Drift is built for teams who can't afford to guess about security. This page summarizes the controls we have in place today. For enterprise security reviews, DPAs, penetration-test reports, or our SOC 2 readiness status, contact security@driftai.studio.

Infrastructure

• Hosting: the Drift application runs on Vercel's global edge network. Our primary database runs on Supabase (Postgres) in AWS us-east-1.
• Encryption in transit: all traffic to Drift is served over TLS 1.2+. HSTS is enforced.
• Encryption at rest: Customer Data is encrypted at rest using AES-256 at the database and storage layer.
• Network isolation: our database is not exposed to the public internet; application servers connect via private networking.

Access control

• Workspace isolation: every workspace's data is isolated using Postgres Row-Level Security. Queries are scoped to the caller's workspace at the database layer — not just the application layer.
• Role-based access: workspace members have differentiated roles (owner, admin, member) with least-privilege defaults.
• Least-privilege internal access: only a small number of Drift engineers have production database access, gated by hardware-backed authentication.
• Audit logs: sensitive actions (role changes, agent deployment, data export) are recorded with actor, timestamp, and target — visible to workspace admins.

Application security

• Authentication: password-based sign-in uses Supabase Auth with bcrypt hashing. Passwords are never stored in plaintext.
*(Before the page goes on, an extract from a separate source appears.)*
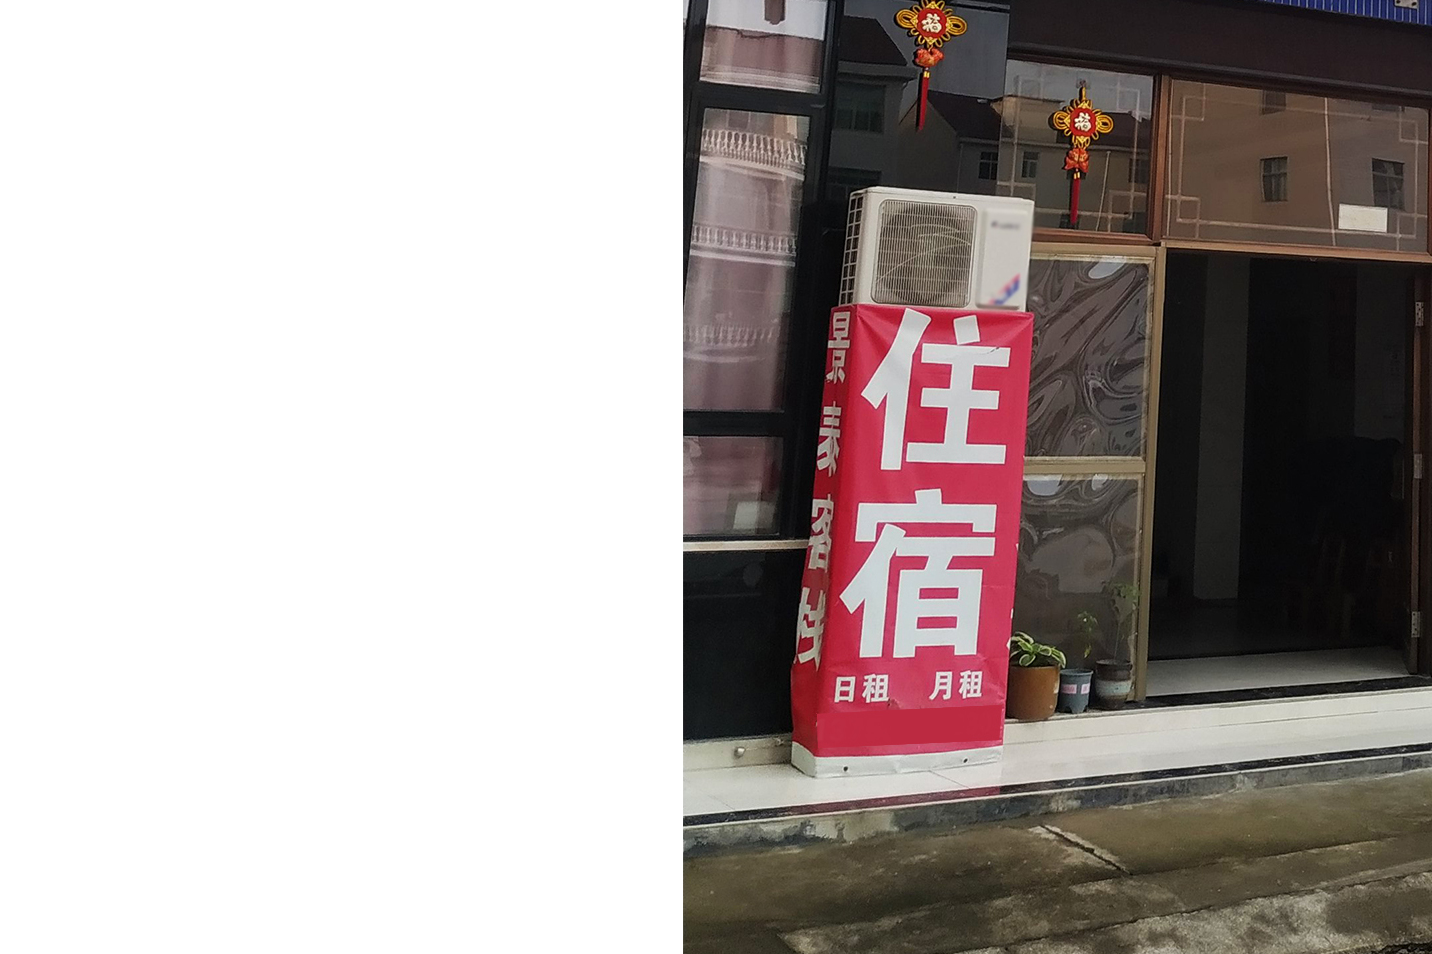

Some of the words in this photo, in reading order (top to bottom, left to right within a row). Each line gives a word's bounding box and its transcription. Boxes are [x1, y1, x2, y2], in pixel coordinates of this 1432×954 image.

SSO (SAML/OIDC) is available on enterprise plans.
• Secret management: API keys, tokens, and other secrets are stored in Vercel's encrypted environment variables and never committed to source control.
• Dependency hygiene: we monitor our dependency graph for known vulnerabilities and apply patches promptly.
• Error monitoring: we capture exceptions via Sentry with PII-scrubbing enabled.

Data handling

• No model training on your data: we do not use Customer Data to train foundation models.
• Subprocessors: we use a small, vetted list of subprocessors (Supabase, Vercel, Stripe, Twilio, OpenAI / Anthropic / ElevenLabs / VAPI, Sentry). Each is bound by a DPA.
• Data portability: workspace owners can export all workspace data at any time from settings.
• Data deletion: on workspace cancellation, Customer Data is retained for 30 days, then permanently deleted. Backups are purged within 35 days.

Operational security

• Incident response: we maintain an internal incident response runbook. In the event of a security incident affecting Customer Data, we will notify affected workspace owners within the timeframes required by applicable law.
• Backups: the primary database is backed up daily with point-in-time recovery. Backups are encrypted.
• Uptime: current system status is available at driftai.studio/status.

Compliance

We are actively working toward SOC 2 Type II. We sign DPAs and rely on Standard Contractual Clauses for EU/UK transfers. Enterprise customers can request the current compliance package, vendor security questionnaire responses, and subprocessor list at security@driftai.studio.

Reporting a vulnerability

Security researchers: please report suspected vulnerabilities to security@driftai.studio. We commit to acknowledging reports within 2 business days and will not pursue legal action against good-faith research that follows responsible disclosure.